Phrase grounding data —
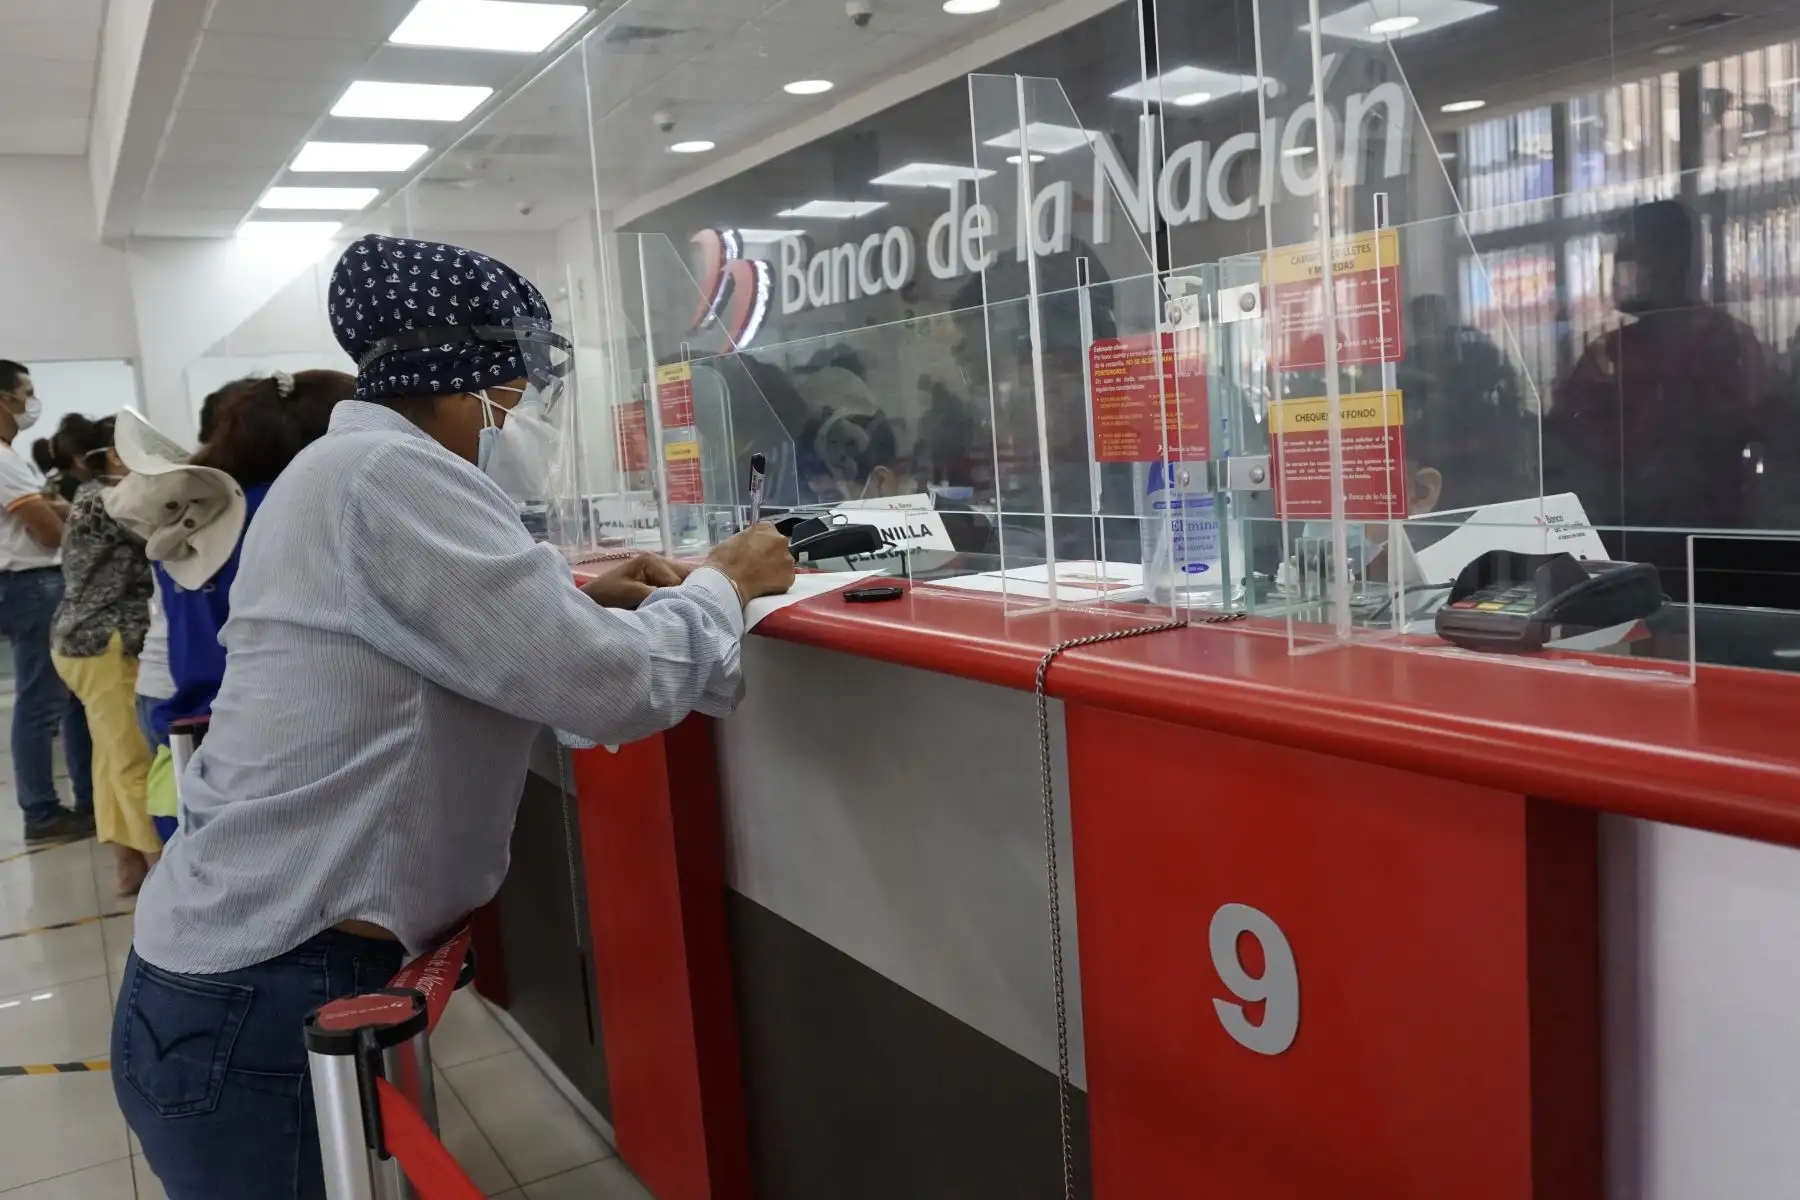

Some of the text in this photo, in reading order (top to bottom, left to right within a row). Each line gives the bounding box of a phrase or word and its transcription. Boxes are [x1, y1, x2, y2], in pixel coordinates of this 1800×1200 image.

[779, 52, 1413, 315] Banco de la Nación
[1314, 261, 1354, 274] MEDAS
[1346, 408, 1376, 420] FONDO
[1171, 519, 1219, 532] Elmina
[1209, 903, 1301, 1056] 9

Exercise description — All of the data must be set down exactly, with no pictures included.

Response area —
Some of the text in this photo, in reading order (top to bottom, left to right within a row). Each line gives the bounding box of a phrase or word and its transcription. Boxes are [x1, y1, x2, y2], in pixel coordinates of this 1800×1200 image.

[779, 52, 1413, 315] Banco de la Nación
[1314, 261, 1354, 274] MEDAS
[1346, 408, 1376, 420] FONDO
[1171, 519, 1219, 532] Elmina
[1209, 903, 1301, 1056] 9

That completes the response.